* **WHAT TO WORK ON**: Each record should be given back exactly, with none missing.

+++++

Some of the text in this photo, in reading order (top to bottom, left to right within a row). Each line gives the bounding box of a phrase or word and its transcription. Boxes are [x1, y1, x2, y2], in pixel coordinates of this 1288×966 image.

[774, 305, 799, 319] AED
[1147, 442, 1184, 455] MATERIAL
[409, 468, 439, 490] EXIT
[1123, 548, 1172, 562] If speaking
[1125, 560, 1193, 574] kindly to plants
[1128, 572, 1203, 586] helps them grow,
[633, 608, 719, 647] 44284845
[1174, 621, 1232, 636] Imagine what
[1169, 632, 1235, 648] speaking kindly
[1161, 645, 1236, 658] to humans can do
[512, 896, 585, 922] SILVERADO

+++++

* **ANSWER TO THIS PROBLEM**:
Some of the text in this photo, in reading order (top to bottom, left to right within a row). Each line gives the bounding box of a phrase or word and its transcription. Boxes are [x1, y1, x2, y2], in pixel coordinates of this 1288×966 image.

[774, 305, 799, 319] AED
[1147, 442, 1184, 455] MATERIAL
[409, 468, 439, 490] EXIT
[1123, 548, 1172, 562] If speaking
[1125, 560, 1193, 574] kindly to plants
[1128, 572, 1203, 586] helps them grow,
[633, 608, 719, 647] 44284845
[1174, 621, 1232, 636] Imagine what
[1169, 632, 1235, 648] speaking kindly
[1161, 645, 1236, 658] to humans can do
[512, 896, 585, 922] SILVERADO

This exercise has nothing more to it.